**Image-backed grounding data**
↓

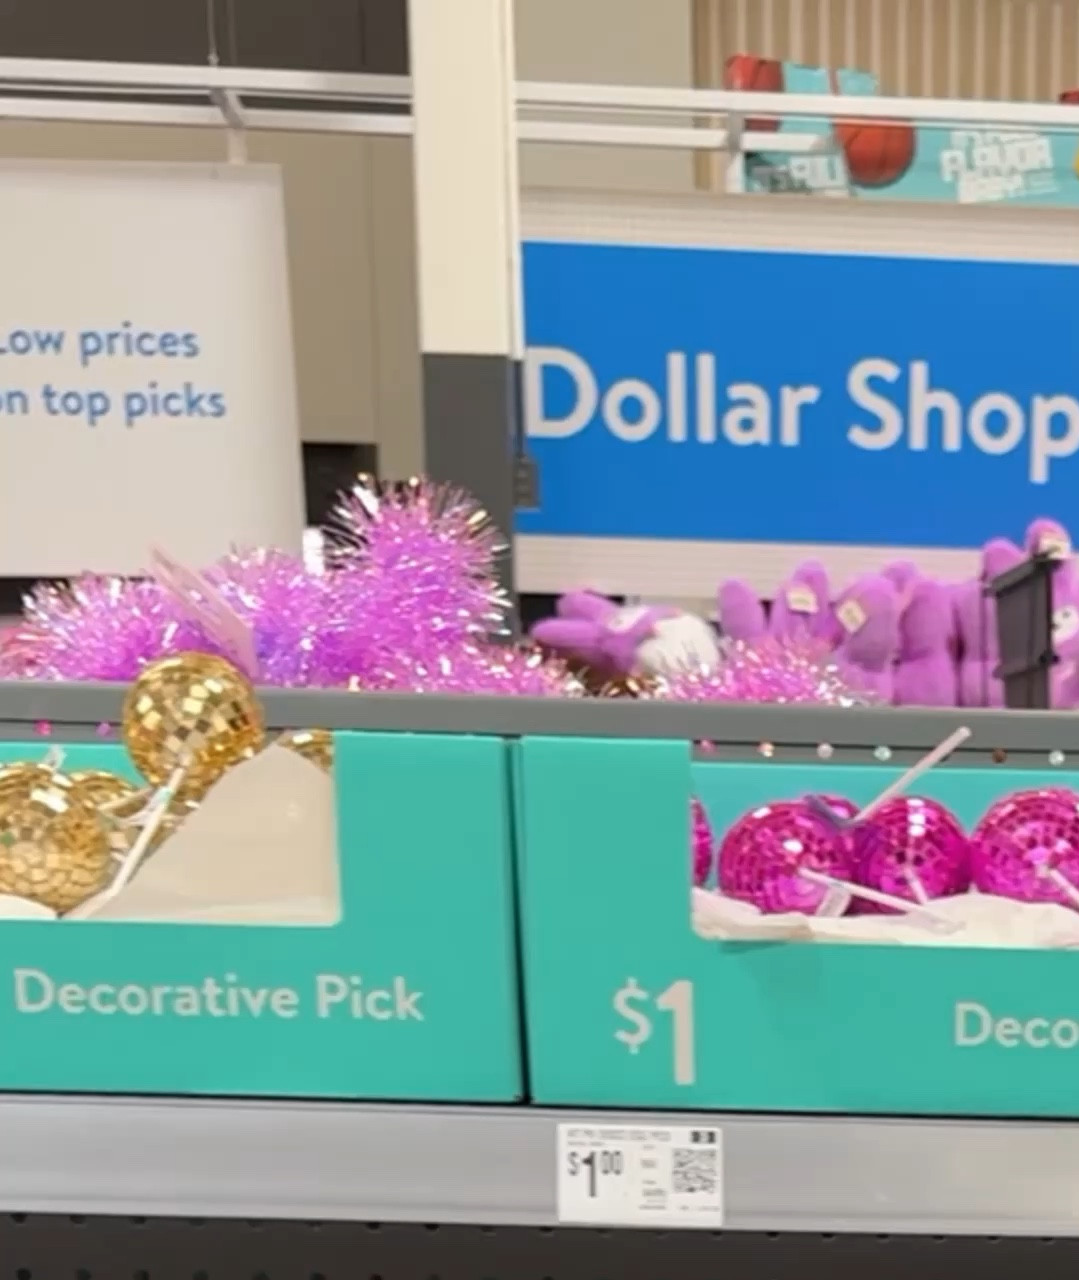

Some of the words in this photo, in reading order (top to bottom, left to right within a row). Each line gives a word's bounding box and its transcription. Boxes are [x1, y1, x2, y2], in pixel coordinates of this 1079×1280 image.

[0, 329, 65, 355] ow
[79, 320, 200, 368] prices
[0, 390, 29, 415] n
[42, 383, 111, 427] top
[124, 380, 227, 428] picks
[524, 346, 820, 446] Dollar
[12, 967, 299, 1019] Decorative
[315, 974, 425, 1022] Pick
[611, 975, 697, 1086] $1
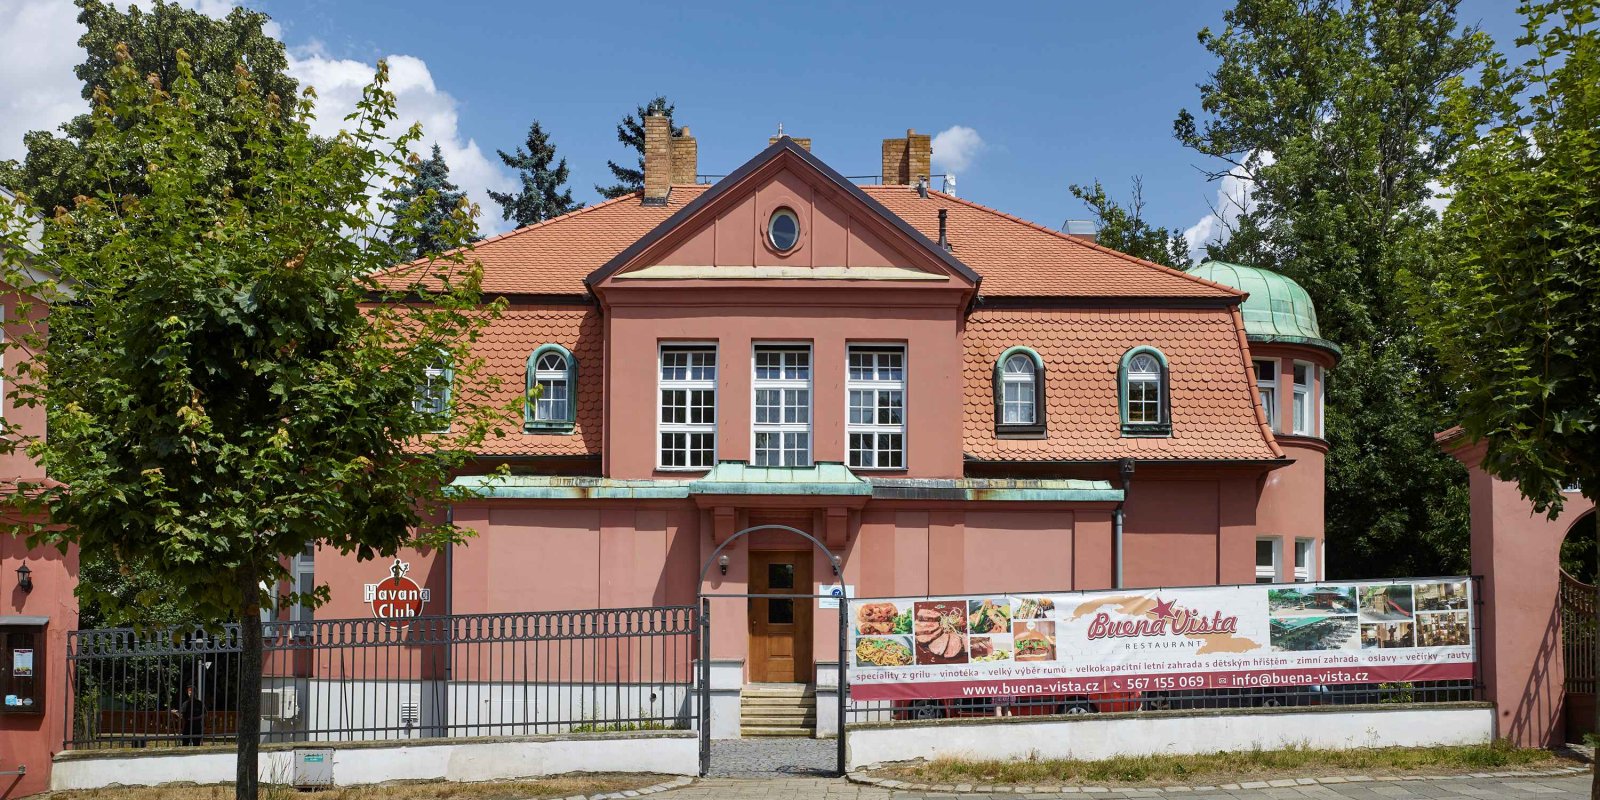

↑

**Exercise description**
Output each of the lines above exactly, apart from the images.

**Output for this exercise**
Some of the words in this photo, in reading order (top to bottom, left to right within a row). Each line gives a word's bounding box and its transcription. Boxes are [x1, y1, x2, y2], in pixel coordinates of this 1079×1280 image.

[0, 329, 65, 355] ow
[79, 320, 200, 368] prices
[0, 390, 29, 415] n
[42, 383, 111, 427] top
[124, 380, 227, 428] picks
[524, 346, 820, 446] Dollar
[12, 967, 299, 1019] Decorative
[315, 974, 425, 1022] Pick
[611, 975, 697, 1086] $1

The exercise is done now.